I assumed this meant activations just before GELU and just after GELU, but looking at code I think I was wrong. Could you rephrase to e.g.
I wonder what would happen if something like transcoders is used to guide pre-training in a way similar to quantization-aware training. There, forward passes are computed under quantization, while gradients and optimizer states are maintained in full precision. For extreme levels of quantization, this produces quantized models that achieve loss much closer to that of a full-precision model, compared to post-training quantization (to the same degree) of a model whose training wasn’t guided this way. With transcoders, “full precision” is the MLPs, while “quantization” is transition to the corresponding transcoders.
This sounds like it could work. I can think of a few reasons why this approach could be challenging, however:
1. We don’t really know how transcoders (or SAEs, to the best of my knowledge) behave when they’re being trained to imitate a model component that’s still updating
2. Substituting multiple transcoders at once is possible, but degrades model performance a lot compared to single-transcoder substitutions. Substituting one transcoder at a time would require restarting the forward pass at each layer.
3. If the transcoders are used to predict next tokens, they may lose interpretability and return to superposition.
Under a “transcoder-aware” training regime, these would be the first things I would check for.
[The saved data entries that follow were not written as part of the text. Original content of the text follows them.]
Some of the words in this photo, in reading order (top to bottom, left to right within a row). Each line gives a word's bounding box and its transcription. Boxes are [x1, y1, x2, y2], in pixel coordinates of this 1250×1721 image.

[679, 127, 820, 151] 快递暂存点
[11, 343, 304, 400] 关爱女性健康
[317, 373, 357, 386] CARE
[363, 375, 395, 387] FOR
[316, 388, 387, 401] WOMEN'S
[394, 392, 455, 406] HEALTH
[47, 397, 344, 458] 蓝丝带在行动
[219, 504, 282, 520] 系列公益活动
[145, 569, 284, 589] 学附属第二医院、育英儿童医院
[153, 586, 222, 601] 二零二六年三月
Also, you may be interested in Jacob’s comment here for some details on when we tried to co-train SAEs and transcoders to have sparse connections to one another. This is a very different question, of course, but it provides some preliminary evidence that the fidelity-interpretability tradeoff persists across more elaborate training settings.
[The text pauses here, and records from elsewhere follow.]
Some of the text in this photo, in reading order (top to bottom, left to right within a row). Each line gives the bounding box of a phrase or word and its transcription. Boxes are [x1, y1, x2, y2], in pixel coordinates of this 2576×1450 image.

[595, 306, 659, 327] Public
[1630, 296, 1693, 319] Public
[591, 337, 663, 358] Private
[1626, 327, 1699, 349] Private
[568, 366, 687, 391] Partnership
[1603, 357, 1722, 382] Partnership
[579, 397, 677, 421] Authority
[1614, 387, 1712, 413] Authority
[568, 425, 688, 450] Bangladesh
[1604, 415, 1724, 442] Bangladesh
Possibly. But there is no optimization pressure from pre-training on the relationship between MLPs and transcoders. The MLPs are the thing that pre-training optimizes (as the “full-precision” master model), while transcoders only need to be maintained to remain in sync with the MLPs, whatever they are (according to the same local objective as before, which doesn’t care at all about token prediction). The search is for MLPs such that their transcoders are good predictors, not directly for transcoders that are good predictors.
Unclear given the extreme quantization results, where similarly post-training replacement would degrade model performance a lot, yet quantization-aware pre-training somehow doesn’t.
This seems to be the main technical hurdle to do the experiment, updating transcoders both efficiently and correctly, as underlying MLPs gradually change. (I’m guessing some discontinuous jumps in choice of transcoders might be OK.)
I see. I was in fact misunderstanding this detail in your training setup. In this case, only engineering considerations really remain: these boil down to incorporating multiple transcoders simultaneously and modeling shifting MLP behavior with transcoders. These seem like tractable, although probably nontrivial and, because of the LLM pretraining objective, quite computationally expensive. If transcoders catch on, I hope to see someone with the compute budget for it run this experiment!
Hey Jacob + Philippe,
I took the liberty of making a clean installable version of your original codebase. Hope you don’t mind, and happy to make any changes that you request! https://github.com/dtch1997/transcoders-slim
Question about the “rules of the game” you present. Are you allowed to simply look at layer 0 transcoder features for the final 10 tokens—you could probably roughly estimate the input string from these features’ top activators. From you case study, it seems that you effectively look at layer 0 transcoder features for a few of the final tokens through a backwards search, but wonder if you can skip the search and simply look at transcoder features. Thank you.